There is directed constantly has him to do
a support, and in seeking to deceive the
thousand different ways, it is the informed
... It is neither more virtuous or more
pleased may-be, but more enlightened and
more active than its predecessors. ≪ (De
Tocqueville, democracy in America,
Volume I, part 2, Chapter V)
It has been seen that the authors took into
account in our study shall endeavor to
deconstruct the liberal notion of
competence for the replace by a concept
more multidimensional and procedural.
The latter is based on a vision of active
participation that the use of the draw
would see fleurir99. The expectations of
the authors in this field are divided into
four panes. Firstly, the establishment of the
draw would translate the idea that there is
no " group of people whose capacities
entitle them to a position of special gold
wide-ranging power in the
community. ≪100 On the contrary, in the
world aleatorien, the competence of each
citizen in his field of choice would be in
front and the policy would become an
activity of amateurs. In addition, the
representatives would remain close to the
represented, constitute more than a class a
part101. Such a change would have to
second critical implication of prime the
virtuous circle of empowerment or
enabling: it is by participating as citizens
would learn to participate. And with the
time, would develop a real civil society,
careful, political, willing and ready to
participate. As the describe Callenbach &
Phillips (1985, 48) with zest:
" We might, indeed aggressively, hope for
the evolution of a new kind of citizen
political figure: members of the new
House with the simple eloquence of a
Lincoln gold the moral force of year
Elizabeth Cady Stanton gold Barbara
Jordan - people who would rise brilliantly
tb
99Dienel (1971b, 153) for example
defined participation as " Eingriff mit
Aussicht auf Wirkung ≪. Barber (1984,
133) in fact the basis even of its strong
democracy: " In strong democracy, politics
is something done by, not tb, citizens.
Activity is its chief virtue, and
involvement, commitment, obligation, and
service - common deliberation, common
decision, and common work - are its
hallmarks. ≪
100Burnheim (1985, 156). See also
Ranciere (2006, 47).
101See Amar (1984, 1298) or Burnheim
(1985, 165): " Sincere demarchic bodies
would be specialized, it would be much
easier for the decision-makers to "do their
homework" than it is in present elected
bodies, which normally have to face a
wide variety of unconnected decisions
about most of which they can know almost
nothing. ≪ See also Barber (1984, 152)
: " Strong democracy is the politics of
amateurs, where every man is compelled to
encounter every other man without the
intermediary of expertise. ≪
152
3. A new democratic era
The new opportunities for direct
expression of the people's needs and
feelings. Many such members of the
Representative House would, after their
terms of office, continues as forceful
defenders of the public good in their home
communities, offering new vitality there;
some might also decided to run for elective
office.
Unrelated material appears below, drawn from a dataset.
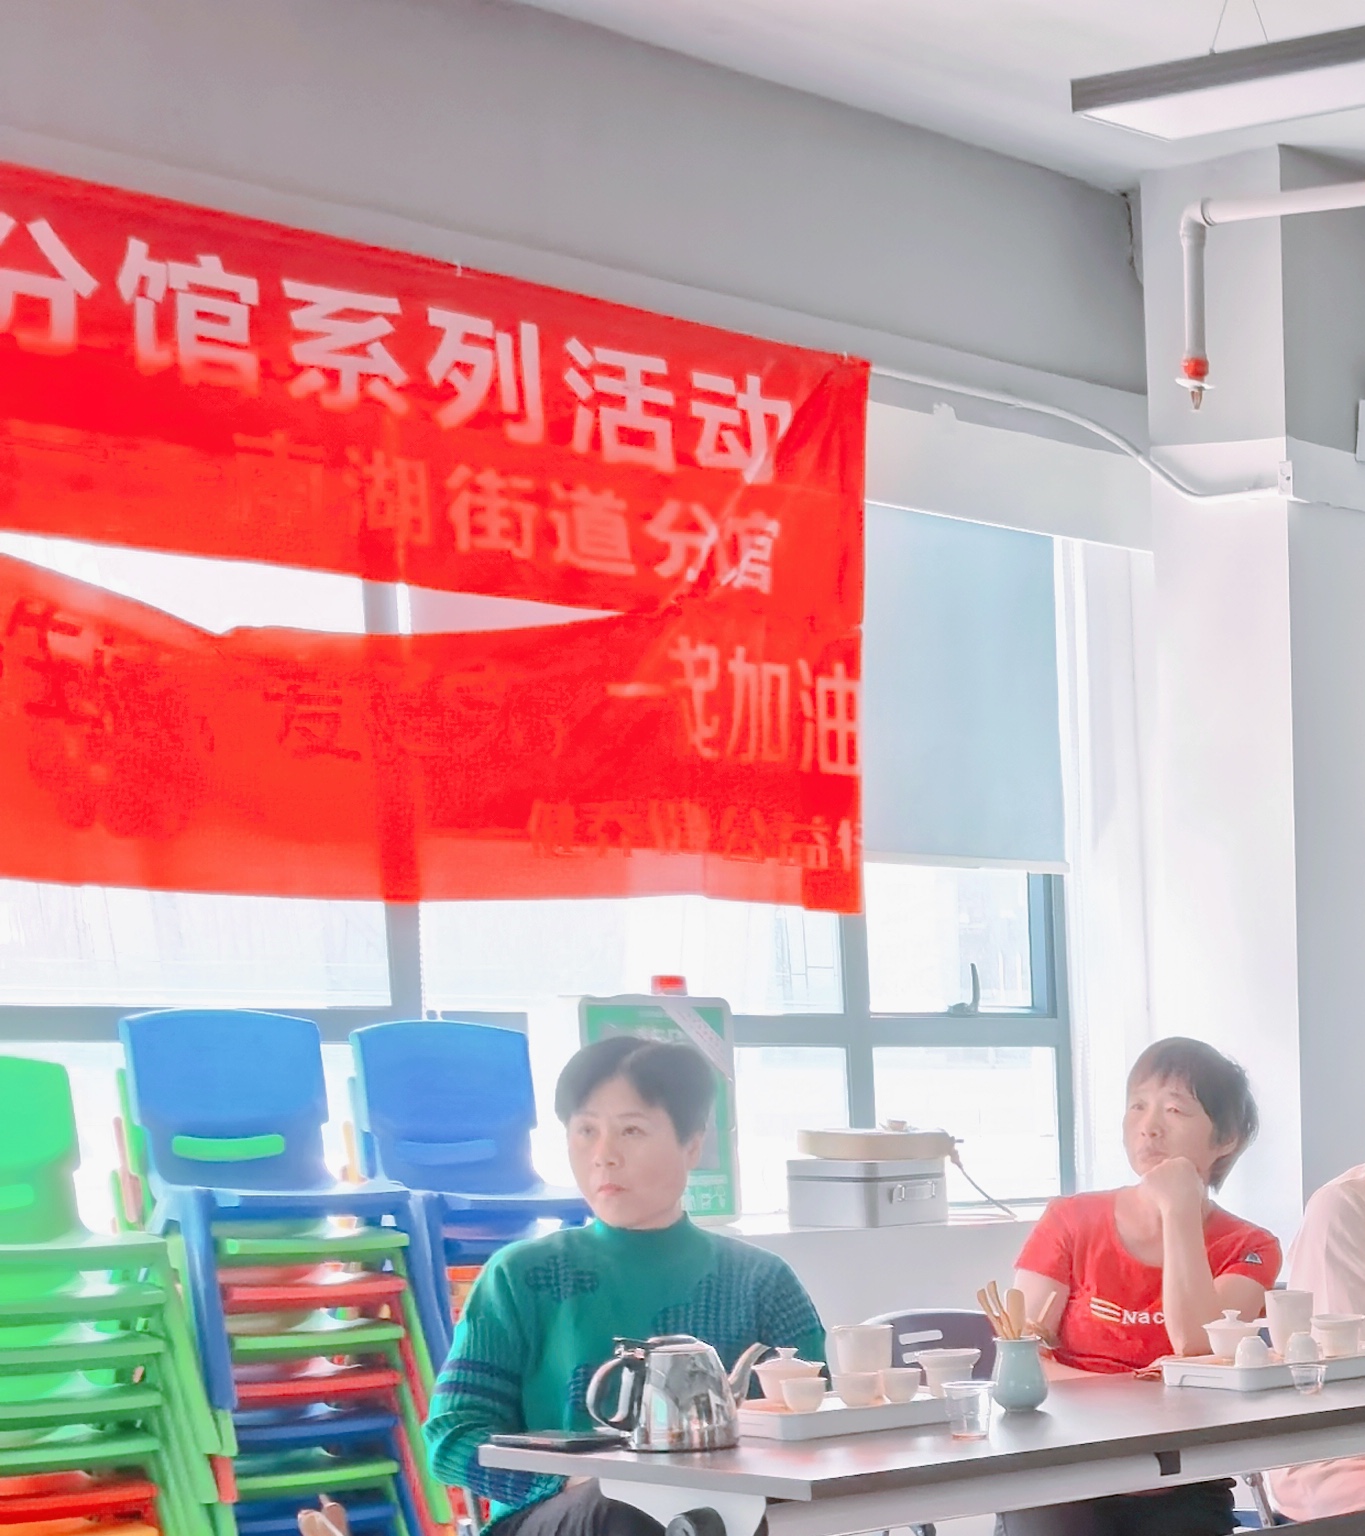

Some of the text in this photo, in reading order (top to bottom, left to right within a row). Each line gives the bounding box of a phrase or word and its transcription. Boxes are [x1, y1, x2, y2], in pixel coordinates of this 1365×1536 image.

[0, 211, 793, 484] 分馆系列活动
The effect would be an enrichment
of the country's political life, and a
welcome sense of bonding and confidence
between the people and current gold past
occupants of House seats - in place of the
present prevailing hostility and
suspicion. ≪102
The drawing, by putting the citizens in
concrete position of decision makers and
representatives would allow them to
acquire technical skills but also more
widely political, or even social. The
participation would then trigger the
process of empowerment. In reality - and
this is the third hold - the activation enable
individuals to play finally and fully
their " role of citizen " (Dienel 1978, 77)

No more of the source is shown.